Sunday 12 April 2015

Fresh Cinders



In his time Kenneth Branagh has acted as D H Lawrence and Henry Vth,  Jimmy Porter and Iago, Reinhard Heydrich,  Shackleton and Larry Olivier.    You cannot say that he is a one trick pony.

He has also has directed seventeen movies in a variety of genres, including a CIA thriller, Jack Ryan; Shadow Recruit,  a Marvel adventure, Thor,  a thriller/comedy, Sleuth, the opera The Magic Flute, Mary Shelley’s Frankenstein,  Peter’s Friends and  seven of Shakespeare plays.   He even tried a Hitchcock lookalike, Dead Again.    And now he has directed Cinderella?   For Disney?  With glass slippers and blue birds?   No subversion, not even irony?   With neither parody nor  deconstruction?  Well yes, he has, and he has made a rather fine job of it too.  

Cinders is played by  Lily James, with Cate Blanchett as her step-mother and Richard Madden as the Prince,  along with  Helena Bonham-Carter, Stellan Skarsgard, Derek Jacobi,  Nonso Anozie, Ben Chaplin.    Many of the secondary cast seem to have come from Downton Abbey and/or Game of Thrones, so for some of us at least they are unfamiliar faces.   They are also, apart from Ms Blanchett, British.    That saves us from clashing accents,  giving a consistence to the dialogue, a consistency that carries into the other areas of the movie, its tone, music, design and mise-en-scene.     That last quality is hard to define, and even to spot, but you do notice it when it is not right.    Not consciously, perhaps, but with a sense of unease.  Of things not quite hanging together. 

The script is by Chris Weitz, who previously adapted Philip Pullman’s magnificent trilogy His Dark Materials.   Sadly only the first part, The Golden Compass, made it to the screen owing to powerful American ‘Christian’ opposition.    That was no easy task, but he delivers the same clear narrative lines and character development here as there.   Even Cate has a chance to play for our (limited) sympathy.     Helena Bonham-Carter is the Fairy godmother, and relishes it.  I like to see HB-C relishing.   Personal aside;  I attended the play Don Carlos in London a few years ago and during the interval had to push my way between HB-C and Tim Burton.  Really, I had to.   You can guess which way I faced, and when for a second I looked down – looked a long way down,  she really is quite tiny – into her eyes,   that second lasted for a hundred years.    Just thought I’d share that.

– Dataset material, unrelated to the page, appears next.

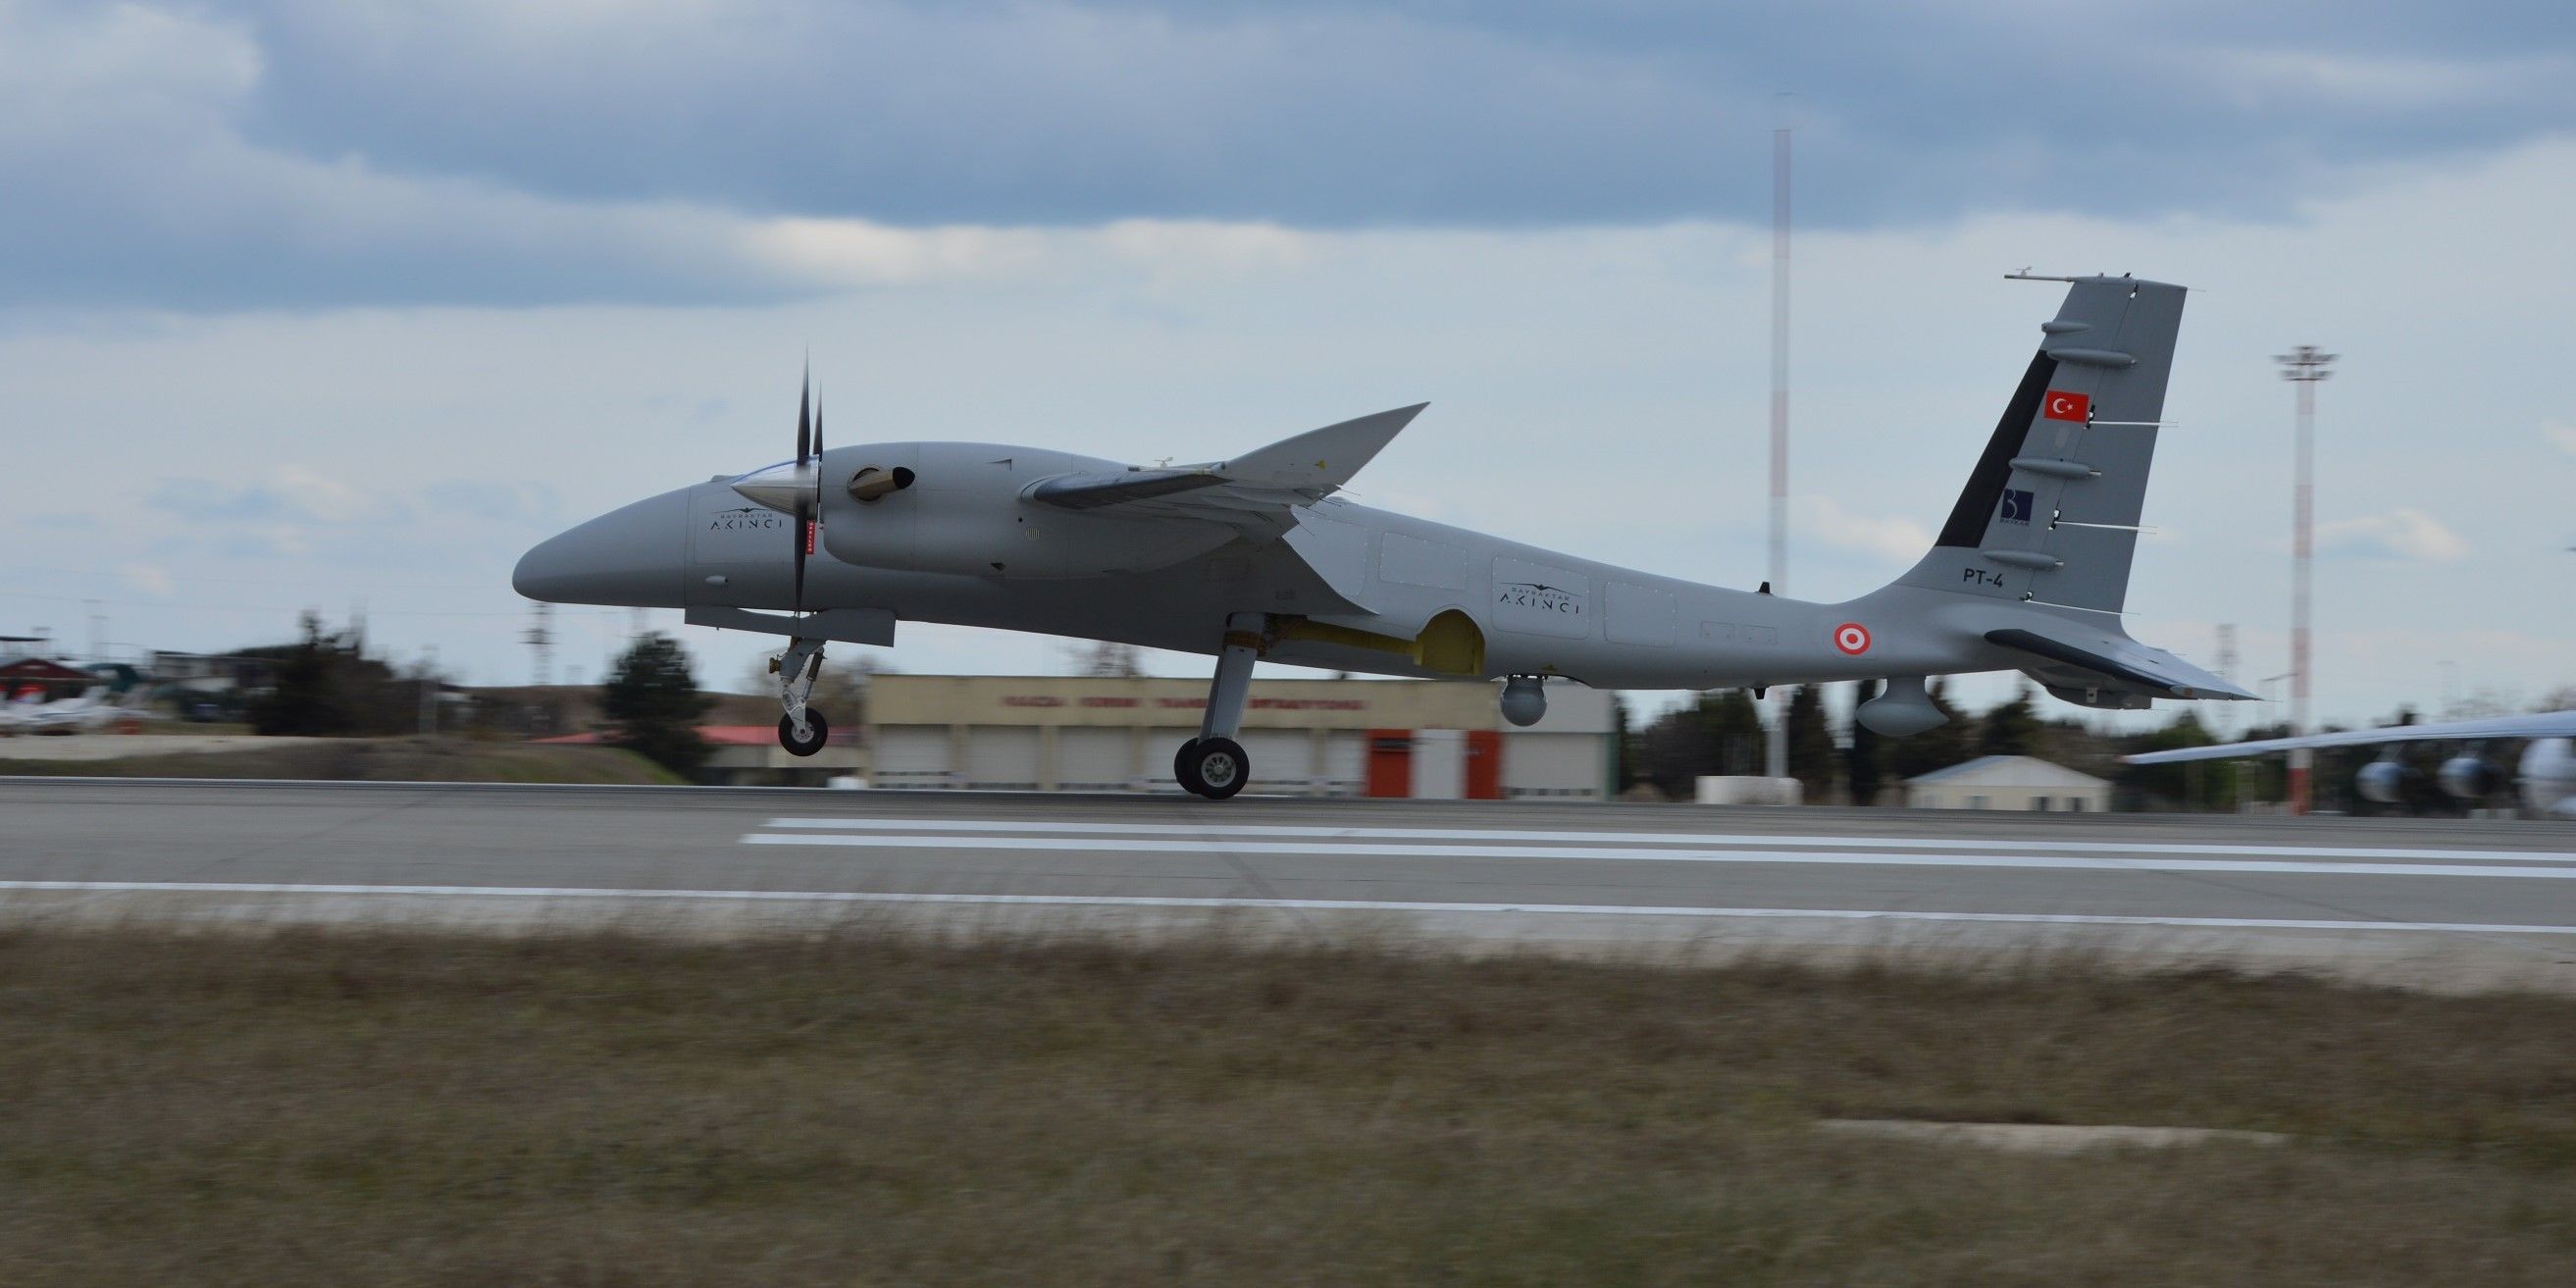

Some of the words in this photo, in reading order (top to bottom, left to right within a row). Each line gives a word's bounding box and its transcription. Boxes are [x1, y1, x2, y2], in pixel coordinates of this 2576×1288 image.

[710, 520, 782, 530] AKINCI
[1963, 569, 2003, 588] PT-4
[1501, 593, 1578, 614] AKINCI

The original Disney film of Cinderella was the animation of 1950.  In 1998 Andy Tennant co-scripted and directed Ever Aftera Cinderella Story,  ‘the true story’,   with Drew Barrymore and Dougray Scott as the lovers and Anjelica Huston as ‘Mother’.   This gave it a historical setting – 16th century France – and was, it seems,  well made.  It came out hard on the heels of another adaptation of a tale,    Snow White; A Tale of Terror,  with Sigourney Weaver as the stepmother set in the time of the Crusades and much  grimmer - pun intended.   It seems the original tales were for adults, not children,  and were truly dark.   A new edition of these has just been published.   

The new Disney film tells it straight. It cost an estimated $95 million to make but the mone is, as they say, all up there on the screen, with a magnificent palace,  sumptuous costumes and   charming special effects.    The music is by Branagh’s long time  collaborator  Patrick Doyle and is suitably period and lush.    So is the cinematography by another past collaborator, Haris Zambarloukos.   The Production Designer was Dante Ferretti, who has worked with Martin Scorsese a number of times.    So has Sandy Powell, the British costume designer.   They work well together. 

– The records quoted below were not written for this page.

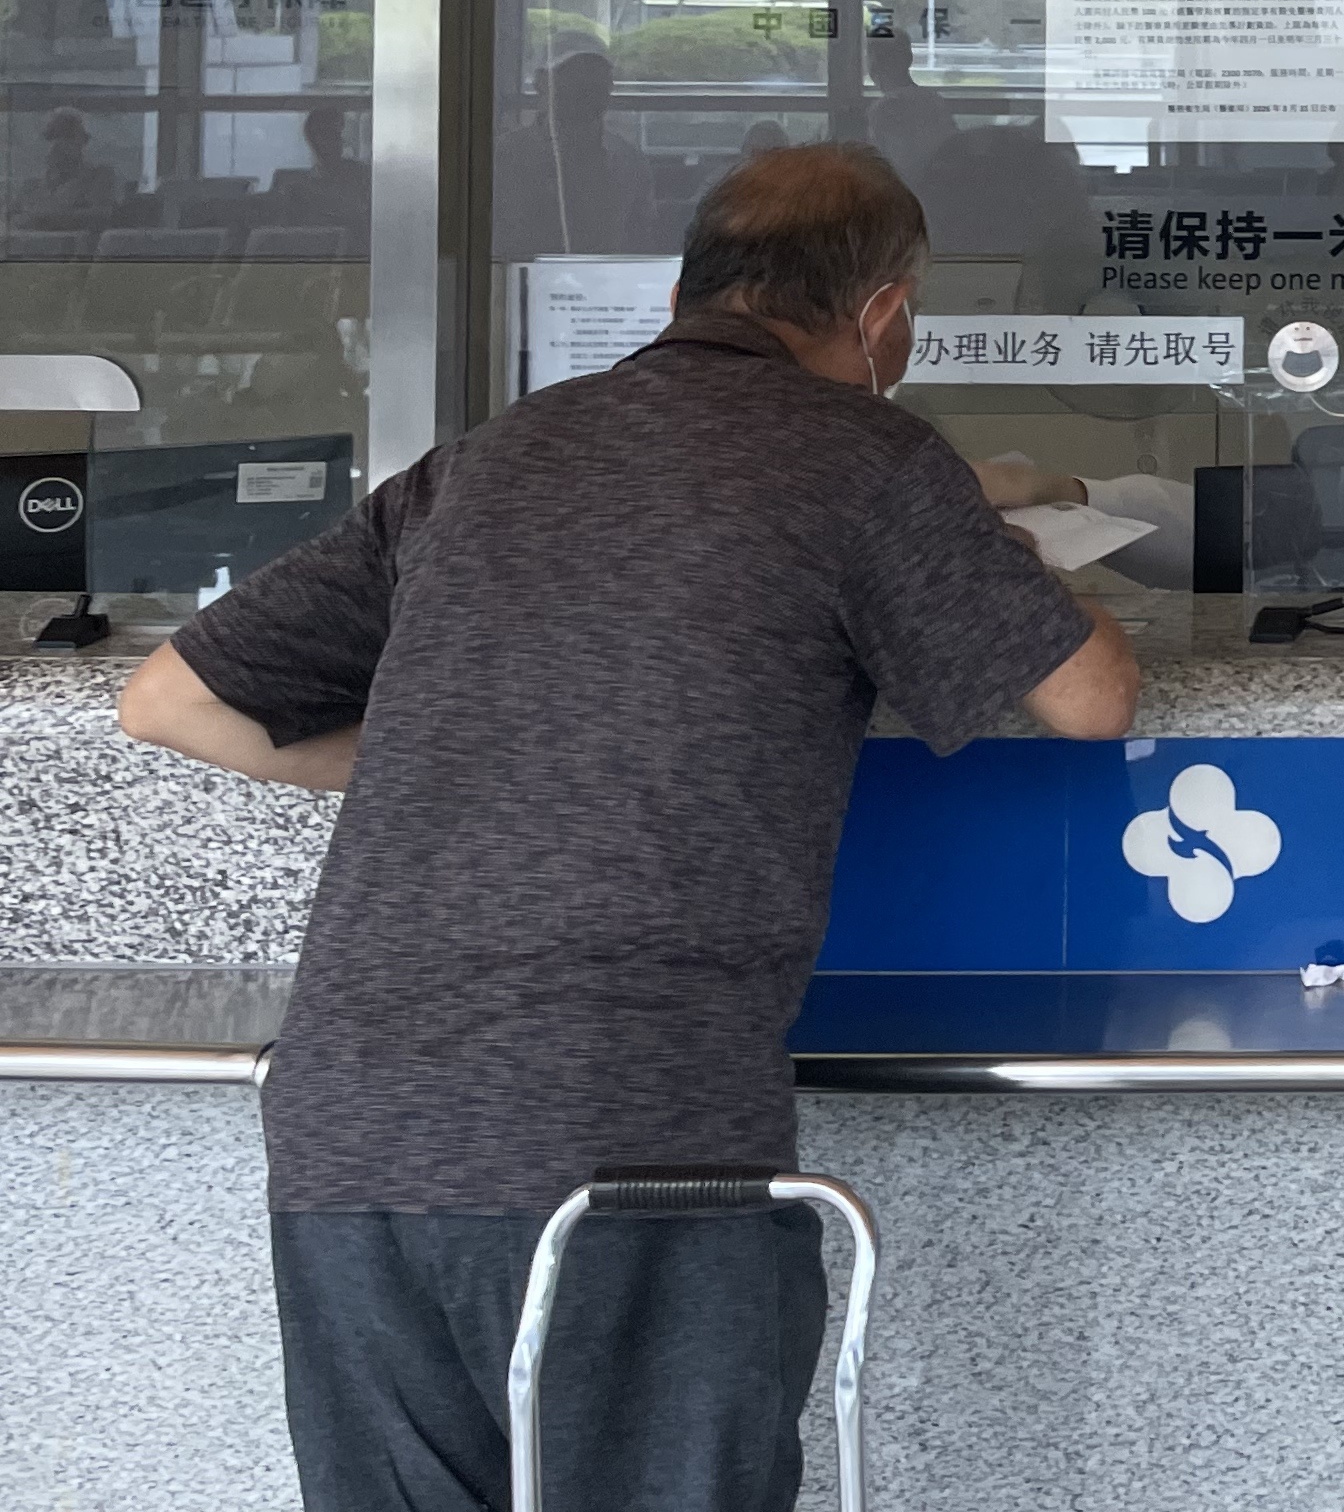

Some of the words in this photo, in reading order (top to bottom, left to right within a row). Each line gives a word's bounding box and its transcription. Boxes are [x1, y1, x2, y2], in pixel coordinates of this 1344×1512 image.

[1102, 266, 1188, 290] Please
[1199, 266, 1261, 295] keep
[1270, 272, 1325, 291] one
[913, 330, 1062, 367] 办理业务
[1087, 331, 1237, 368] 请先取号
[27, 497, 77, 513] DELL

So what do we have here?   A perfectly straight forward,  beautifully made, well acted  account of a charming fairy story that has not been seen (straight) on our screens for 65 years.    

I really cannot remember the Disney cartoon clearly enough to compare it with this, but if this is what we have for the next 65 years it is good enough for me.     I do hope Disney will release the DVD soon, and drop their annoying habit of hanging onto them to make scarcity add the their value.     

PS.  Talking of DVDs I hope the we will soon see the release of Branagh's wonderful MacBeth, staged during last year's Manchester Festival.      Theatre friends of mine who have attended many productions of the play - and taught it - say it is the  best they have ever seen.  It was certainly the best I have ever seen, as stated elsewhere in my blog.